A semana se passou e enfim pode voltar ao hospital para livrar-se de vez da bota, o médico fez outro raio x, ela afirmou não sentir dor, nem estava mais tomando a medicação, ele deu alta, mas proibiu qualquer esporte radical, longas caminhadas e evitar escadas por mais um mês para não exigir demais dos ligamentos e receitou fisioterapia e hidroterapia para uma recuperação completa.
Sua andança pela Europa estava fora de cogitação, por sorte, após o trabalho com o cancelamento das reservas e ressarcimento da passagem, tinha resolvido acertar as datas da viagem apenas quando tivesse de fato alta médica, além do mais, precisava estar liberada da empresa, isso seria na segunda-feira seguinte.
Liberada da bota estava com pressa de voltar em casa, ficou receosa de novamente encontrar Juliano na saída do hospital, mas sabia que desta vez seria impossível, pois sabia por André que o CEO havia se despedido de todos na quarta-feira, voltando à matriz. Voltou para casa de Uber, estava ansiosa para dar uma volta com seu próprio carro, estava com muita saudade de dirigir, marcou as dez seções de fisioterapia e hidroterapia assim que chegou em casa.
Iria viajar apenas quando estivesse plena fisicamente, pois costumava caminhar pelas cidades, para conhecer a rotina dos locais onde visitava e eram longas caminhadas não poderia arriscar acabar machucada pelo esforço demasiado. Durante a semana que seus pais estiveram com ela, pode contar tudo que estava acontecendo em sua vida profissional, eles a convidaram a passar pelo menos uma temporada em sua casa no litoral.

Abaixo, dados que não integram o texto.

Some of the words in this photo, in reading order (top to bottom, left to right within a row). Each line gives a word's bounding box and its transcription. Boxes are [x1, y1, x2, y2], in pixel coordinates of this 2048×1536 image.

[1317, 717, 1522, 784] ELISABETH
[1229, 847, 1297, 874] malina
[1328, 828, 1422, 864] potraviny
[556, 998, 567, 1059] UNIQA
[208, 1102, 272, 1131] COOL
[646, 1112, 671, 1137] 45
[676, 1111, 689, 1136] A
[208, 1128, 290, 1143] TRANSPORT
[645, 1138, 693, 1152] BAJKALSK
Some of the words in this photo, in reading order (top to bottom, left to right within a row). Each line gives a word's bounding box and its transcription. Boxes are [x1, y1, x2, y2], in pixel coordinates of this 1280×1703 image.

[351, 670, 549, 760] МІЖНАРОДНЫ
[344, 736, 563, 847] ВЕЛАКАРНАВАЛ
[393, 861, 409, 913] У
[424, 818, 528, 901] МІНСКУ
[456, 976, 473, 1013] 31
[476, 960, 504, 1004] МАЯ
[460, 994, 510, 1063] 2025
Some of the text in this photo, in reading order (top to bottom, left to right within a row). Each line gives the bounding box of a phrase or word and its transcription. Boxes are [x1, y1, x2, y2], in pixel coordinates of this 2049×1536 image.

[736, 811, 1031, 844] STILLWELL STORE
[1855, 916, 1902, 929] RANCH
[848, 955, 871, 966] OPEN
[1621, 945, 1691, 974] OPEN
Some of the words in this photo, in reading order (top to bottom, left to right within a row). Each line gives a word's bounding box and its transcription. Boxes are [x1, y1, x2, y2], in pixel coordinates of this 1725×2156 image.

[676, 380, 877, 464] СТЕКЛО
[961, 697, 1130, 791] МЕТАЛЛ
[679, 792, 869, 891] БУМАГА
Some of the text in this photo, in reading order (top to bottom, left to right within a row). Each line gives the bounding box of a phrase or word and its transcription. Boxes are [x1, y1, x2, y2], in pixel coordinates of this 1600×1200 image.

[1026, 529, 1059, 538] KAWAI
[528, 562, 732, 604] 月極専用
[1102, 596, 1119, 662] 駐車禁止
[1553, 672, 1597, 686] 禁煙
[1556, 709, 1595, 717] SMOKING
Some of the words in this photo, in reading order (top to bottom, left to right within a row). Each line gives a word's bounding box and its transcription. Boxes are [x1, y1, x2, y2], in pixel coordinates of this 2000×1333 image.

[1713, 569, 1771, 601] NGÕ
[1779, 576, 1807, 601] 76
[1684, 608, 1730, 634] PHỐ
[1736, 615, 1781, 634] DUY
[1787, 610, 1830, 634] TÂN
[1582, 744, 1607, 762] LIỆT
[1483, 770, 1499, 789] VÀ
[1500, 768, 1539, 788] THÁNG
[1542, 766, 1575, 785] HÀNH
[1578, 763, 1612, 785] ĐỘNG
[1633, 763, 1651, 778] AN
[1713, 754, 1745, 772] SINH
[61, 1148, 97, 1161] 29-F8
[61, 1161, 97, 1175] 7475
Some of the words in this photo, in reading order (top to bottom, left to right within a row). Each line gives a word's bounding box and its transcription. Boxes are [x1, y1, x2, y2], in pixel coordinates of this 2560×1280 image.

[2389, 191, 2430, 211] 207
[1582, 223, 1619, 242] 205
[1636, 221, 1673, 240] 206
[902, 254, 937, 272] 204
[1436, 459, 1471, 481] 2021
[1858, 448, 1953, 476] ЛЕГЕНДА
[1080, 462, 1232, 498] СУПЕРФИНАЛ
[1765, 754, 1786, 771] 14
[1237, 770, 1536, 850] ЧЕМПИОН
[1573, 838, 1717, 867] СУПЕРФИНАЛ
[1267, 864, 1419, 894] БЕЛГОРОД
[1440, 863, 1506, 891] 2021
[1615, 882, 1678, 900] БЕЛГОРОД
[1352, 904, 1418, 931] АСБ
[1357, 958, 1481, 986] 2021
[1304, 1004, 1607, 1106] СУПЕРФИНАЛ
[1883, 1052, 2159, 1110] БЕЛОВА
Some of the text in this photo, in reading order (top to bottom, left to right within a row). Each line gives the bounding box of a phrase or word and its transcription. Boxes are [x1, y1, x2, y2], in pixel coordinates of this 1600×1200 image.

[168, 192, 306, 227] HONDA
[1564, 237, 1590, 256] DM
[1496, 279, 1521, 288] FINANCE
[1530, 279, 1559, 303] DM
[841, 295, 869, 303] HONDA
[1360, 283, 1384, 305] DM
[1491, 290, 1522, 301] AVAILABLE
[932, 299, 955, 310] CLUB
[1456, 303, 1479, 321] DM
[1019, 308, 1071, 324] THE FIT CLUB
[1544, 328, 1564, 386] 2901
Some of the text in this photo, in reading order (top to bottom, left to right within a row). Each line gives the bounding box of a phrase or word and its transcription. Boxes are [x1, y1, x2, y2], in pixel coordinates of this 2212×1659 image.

Sabendo agora de sua limitação temporária, resolveu ligar para a mãe e contar da alta e que iria para a praia na quarta-feira seguinte, antes iria voltar ao trabalho na segunda-feira, assinar a saída, fazer sua despedida, por ter se comprometido na terça para jantar com umas amigas, então apenas na quarta cedo poderia pegar estrada para o litoral.
Também acertou as duas semanas de Dona Olga, um anjo nestas duas semanas, mas não tinha orçamento para manter uma empregada, por sorte ela já tinha uma posição em outra casa, essas duas semanas foi um empréstimo de uma amiga da cunhada de Ana.
No sábado acordou cedo em sua cama, nem acreditou, duas semanas dormindo na sala, o dia amanheceu ensolarado, brincou com seus cachorros, fez uma leve faxina na casa, ainda estava se recuperando, mas precisava transferir as coisas da sala para seu quarto novamente, principalmente as roupas.
A tarde resolveu caminhar um pouco num parque, nada de muito esforço o médico havia alertado, então ela apenas deu uma pequena volta, levou um livro e sentou-se em um dos bancos, mas logo o tempo nublou e teve que se levantar e ir depressa ao carro para não levar um banho de chuva. Chegando ao carro, pensou se não seria o momento de ir a Nova York novamente, fazer essa rotina no Central Park por duas semanas ia ser revigorante, não exigiria muito esforço, evitaria longas caminhadas.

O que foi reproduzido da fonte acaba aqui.